From writing about the stage to writing for it

  • Howard Reich

    Howard Reich Photo courtesy of Pam Becker

  • Howard Reich's opera "Kimiko's Pearl"

    Howard Reich's opera "Kimiko's Pearl" Photo courtesy of Bravo Niagara! Festival of the Arts

Posted1/9/2022 1:00 AM

For more than 40 years, longtime Deerfield resident Howard Reich covered music and the arts for the Chicago Tribune with passion and sensitivity, adding six books and three documentary films to his prodigious credits as an award-winning critic.

Now, one year after he accepted a buyout from the Tribune, the treasured Chicago journalist is about to unveil perhaps the most inspiring project of his career -- to be presented in an entirely new realm.

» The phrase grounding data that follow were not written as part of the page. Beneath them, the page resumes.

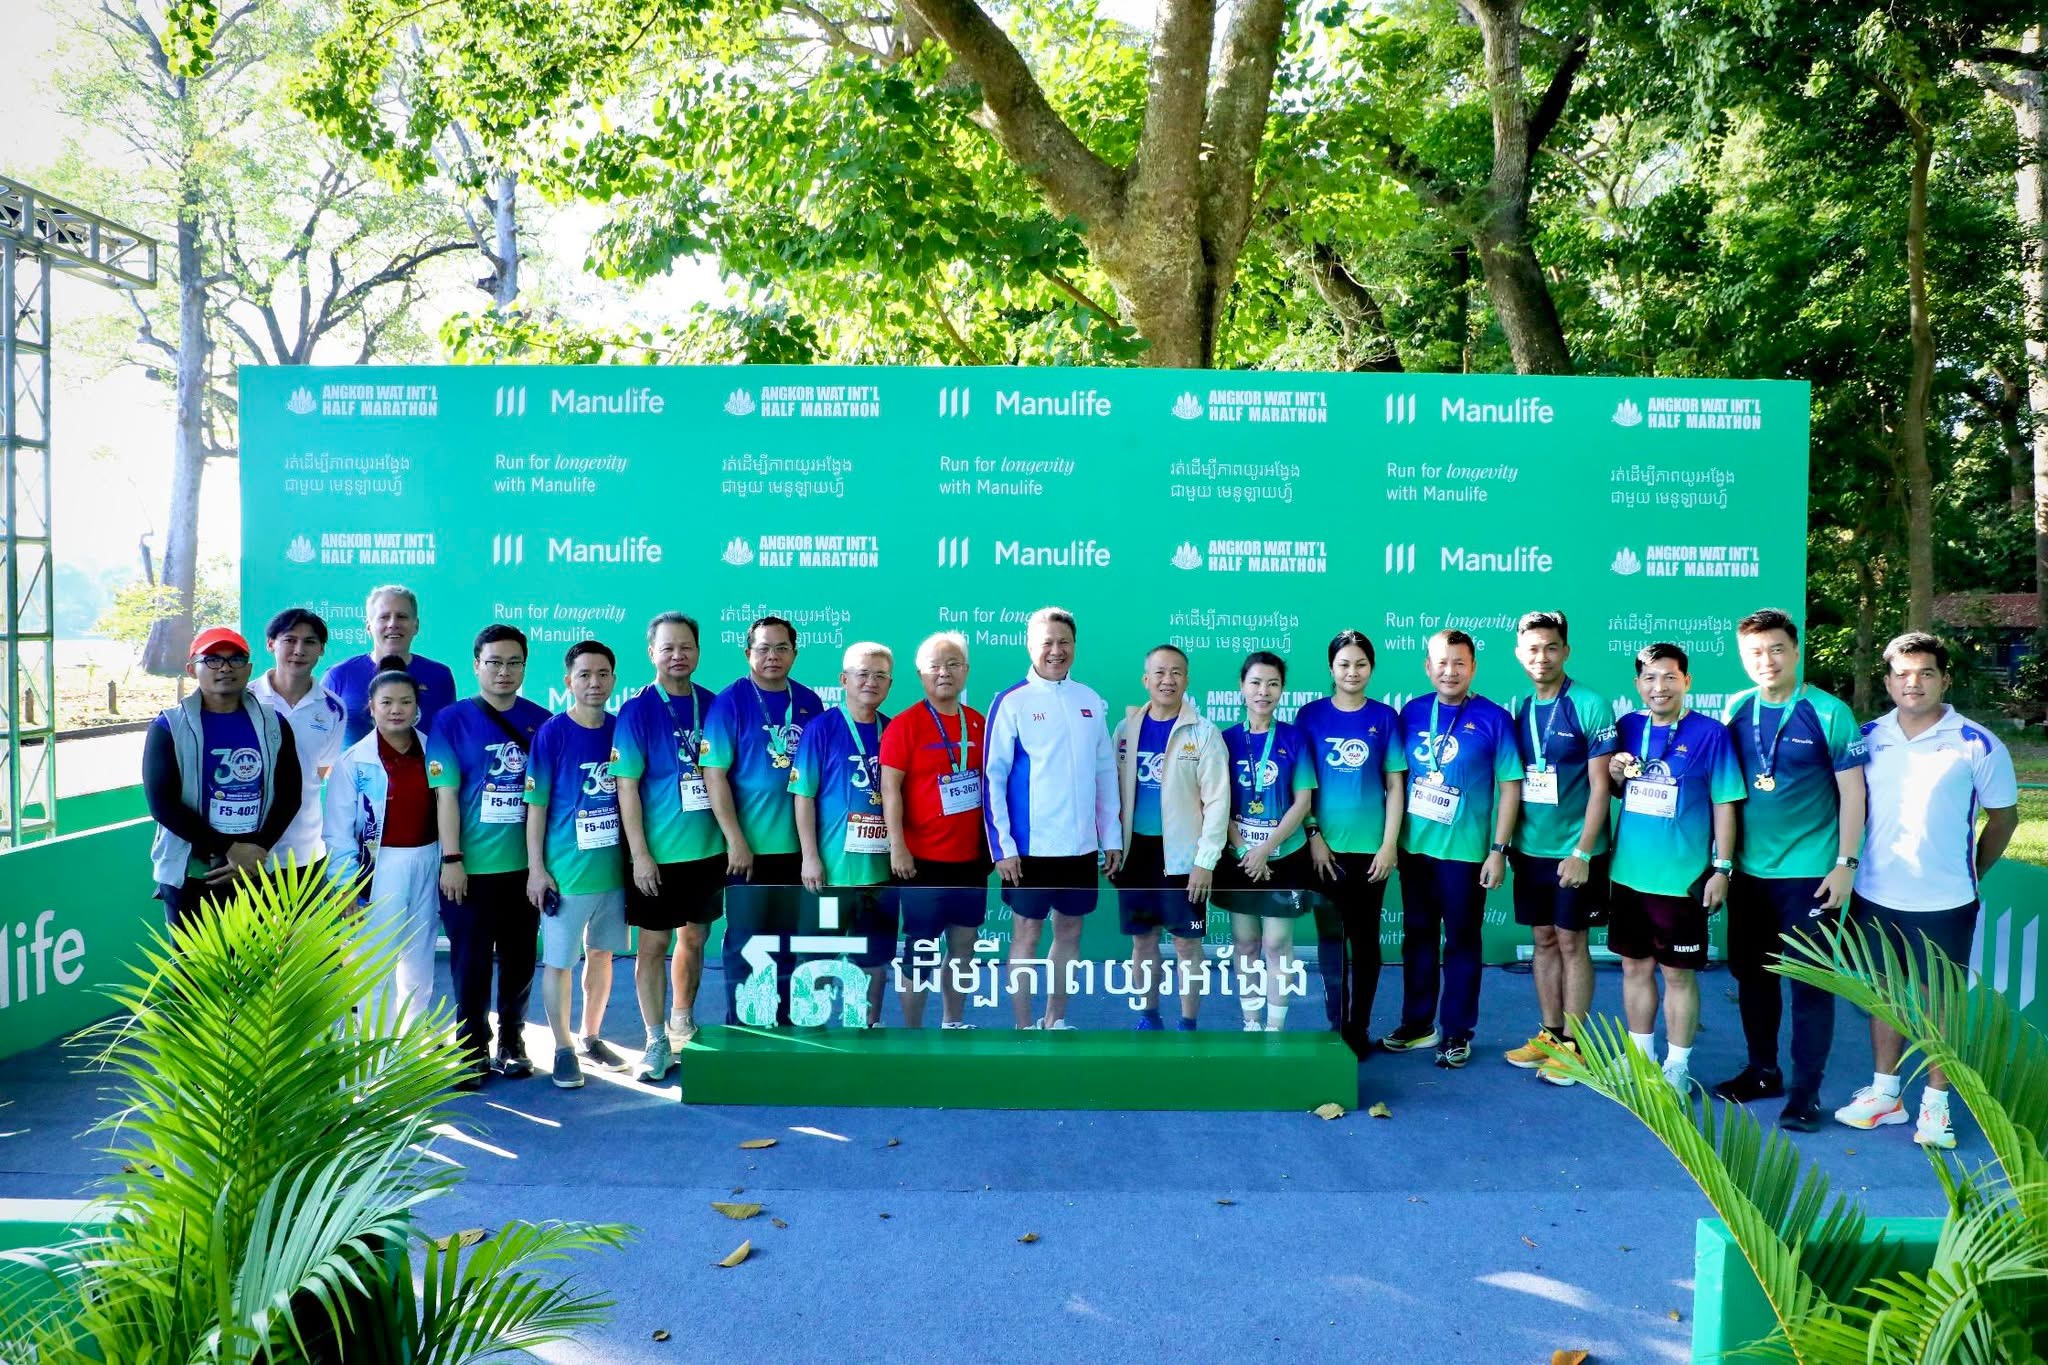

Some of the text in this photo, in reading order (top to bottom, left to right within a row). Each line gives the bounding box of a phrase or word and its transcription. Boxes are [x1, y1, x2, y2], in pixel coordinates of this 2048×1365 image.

[323, 385, 438, 401] ANGKOR WAT INT'L
[550, 387, 666, 415] Manulife
[761, 386, 880, 402] ANGKOR WAT INT'L
[1208, 390, 1327, 407] ANGKOR WAT INT'L
[323, 400, 439, 417] HALF MARATHON
[761, 401, 881, 418] HALF MARATHON
[995, 388, 1112, 417] Manulife
[1441, 396, 1555, 424] Manulife
[1648, 397, 1761, 414] ANGKOR WAT INT'L
[1209, 406, 1328, 423] HALF MARATHON
[1648, 413, 1762, 431] HALF MARATHON
[495, 452, 629, 474] Run for longevity
[940, 456, 1075, 476] Run for longevity
[1386, 462, 1518, 482] Run for longevity
[492, 477, 597, 496] with Manulife
[939, 479, 1043, 496] with Manulife
[1386, 486, 1488, 502] with Manulife
[321, 532, 436, 549] ANGKOR WAT INT'L
[547, 533, 663, 564] Manulife
[760, 535, 879, 552] ANGKOR WAT INT'L
[1208, 539, 1327, 557] ANGKOR WAT INT'L
[322, 548, 437, 566] HALF MARATHON
[759, 551, 879, 568] HALF MARATHON
[995, 539, 1112, 568] Manulife
[1440, 545, 1553, 573] Manulife
[1646, 545, 1760, 562] ANGKOR WAT INT'L
[1208, 556, 1327, 573] HALF MARATHON
[1647, 561, 1760, 577] HALF MARATHON
[492, 602, 626, 624] Run for longevity
[938, 607, 968, 622] Run
[973, 607, 995, 622] for
[1384, 611, 1517, 632] Run for longevity
[531, 626, 594, 642] Manulife
[976, 630, 1027, 646] Manuli
[1384, 634, 1415, 651] with
[1206, 706, 1241, 722] HALF
[949, 781, 979, 798] F5-3621
[1630, 786, 1668, 800] F5-4006
[1414, 789, 1450, 808] F5-4009
[856, 825, 888, 839] 11905
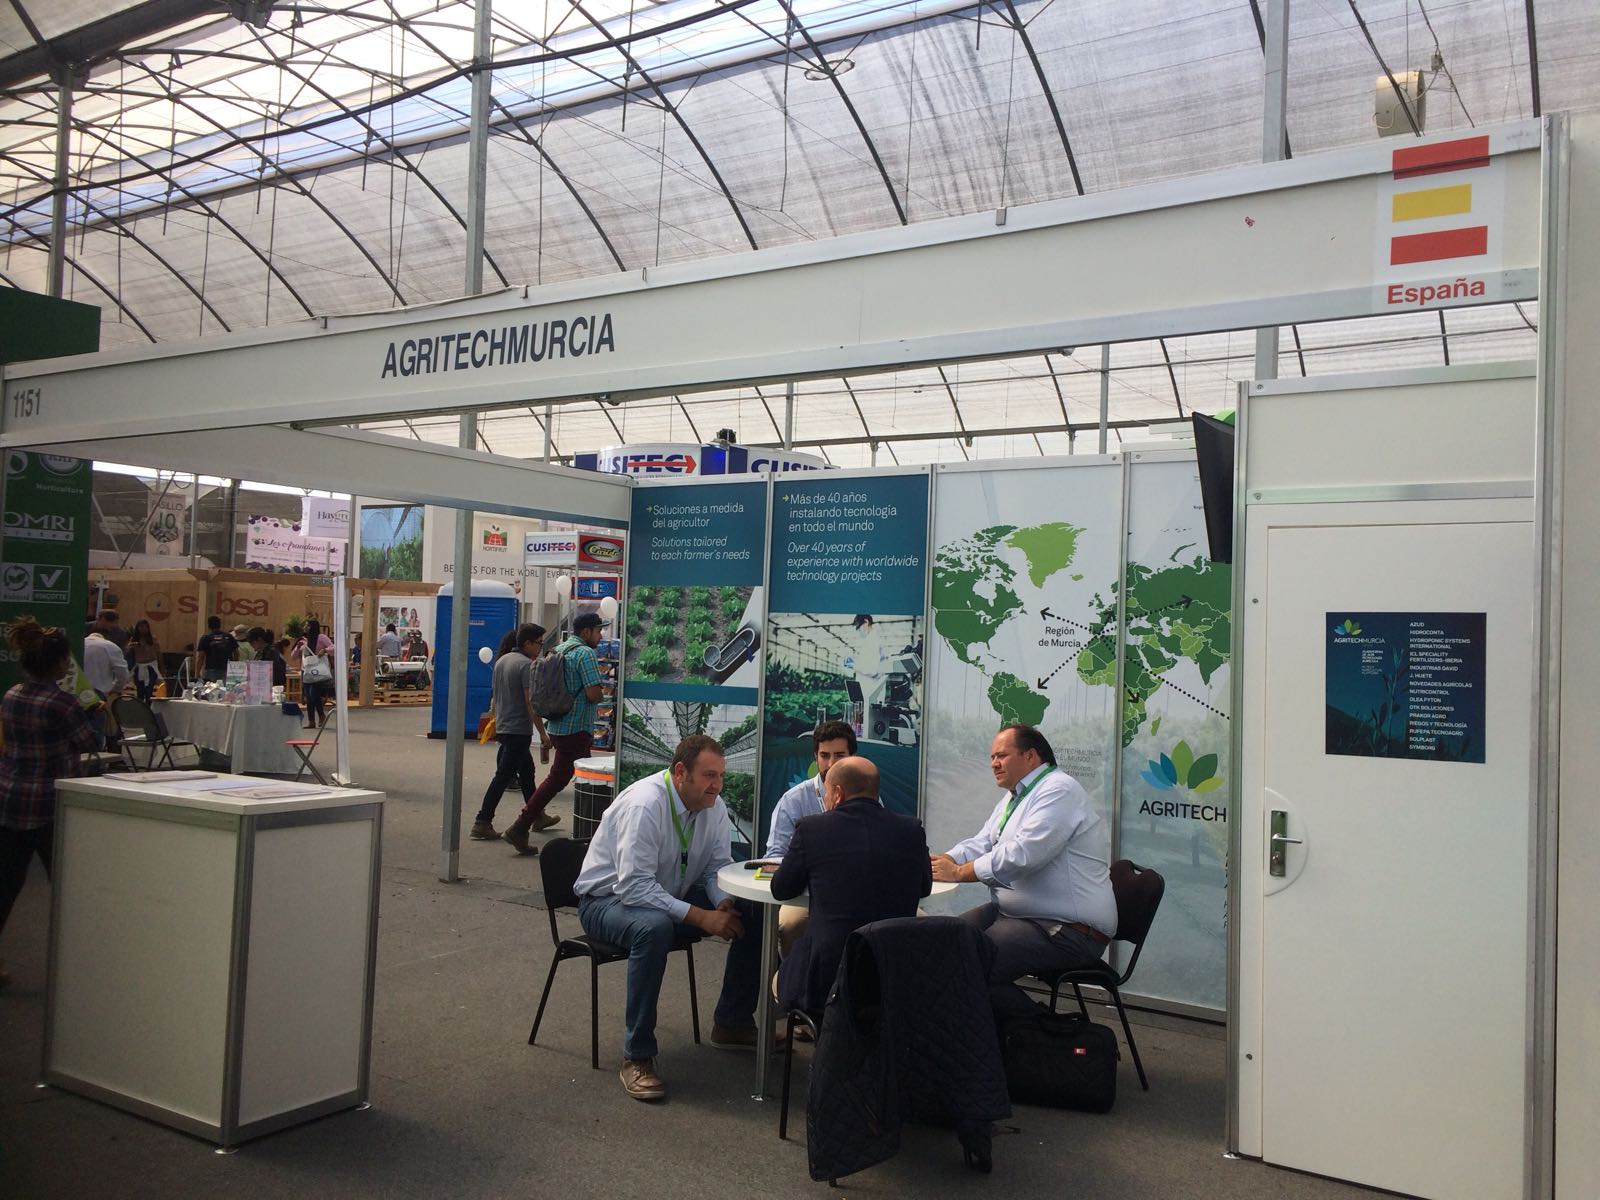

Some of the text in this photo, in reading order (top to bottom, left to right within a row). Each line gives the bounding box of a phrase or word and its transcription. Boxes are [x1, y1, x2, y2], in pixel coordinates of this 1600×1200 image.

Reich has written the stage scenario for "Kimiko's Pearl," a new multidisciplinary work to be performed by principal dancers of the Royal Winnipeg Ballet.

Commissioned by the nonprofit Bravo Niagara! Festival of the Arts based in Ontario, Canada, "Kimiko's Pearl" tells the fictionalized family story of Bravo Niagara! co-founders (and mother-daughter team) Christine Mori and Alexis Spieldenner, whose Japanese Canadian ancestors were interred during World War II.

This year marks 80 years since the forced uprooting, internment and dispossession of 22,000 Canadians of Japanese ancestry.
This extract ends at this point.